Apply the knitting skills you already have to a large scale project by working with rope and oversized needles. The knitting process is the same; you are simply working with a different fibre medium. Look for rope in the hardware store or use a cotton clothesline for your project. Natural hemp or cotton rope works best for knitting; you can use nylon or nylon-covered cord but it is slippery and difficult to keep on the needles.

Uncoil the rope and check for knots or flaws. If you find a knot or flaw, use scissors to snip it away, then tie the cut edges of the rope into a square knot. Leave about a foot of rope hanging and then weave in these ends later. If the flaw is near the end of the rope, just cut it away and discard.

Roll the rope into a ball to prevent tangling.

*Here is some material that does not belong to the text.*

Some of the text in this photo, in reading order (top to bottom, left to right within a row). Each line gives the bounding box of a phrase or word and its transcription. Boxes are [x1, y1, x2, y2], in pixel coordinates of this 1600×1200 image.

Cast on 10 stitches with the smaller needles. Knit for 3 inches.

Switch to larger needles without casting off. Knit an additional 3 inches.

Cast off.

Examine your knitted sample and determine which section you prefer. Depending on the thickness and flexibility of the rope and the project you want to make, one section will likely be more suitable than the other. Use the corresponding needles for your project.

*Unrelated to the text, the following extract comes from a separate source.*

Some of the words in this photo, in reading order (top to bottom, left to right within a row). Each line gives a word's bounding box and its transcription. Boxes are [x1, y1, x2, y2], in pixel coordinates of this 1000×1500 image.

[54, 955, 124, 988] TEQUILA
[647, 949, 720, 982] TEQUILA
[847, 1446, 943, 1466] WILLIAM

Make a small rug or mat using rope to master working with this unusual medium. Cast on 24 stitches with the needles you chose from your gauge swatch.

Knit in garter stitch, knitting every row for 48 rows.

Bind off. Use the resulting rope rug indoors or out, depending on the material you chose for the rope yarn. A cotton clothesline rug makes a wonderful bathmat, while a rough hemp rope rug is an ideal doormat.


Wear lightweight gloves to prevent rope burn. Use the same techniques for knitting with fabric strips, ribbon or other oversized yarn substitutes. Follow a doily pattern to make a large rug using rope instead of yarn.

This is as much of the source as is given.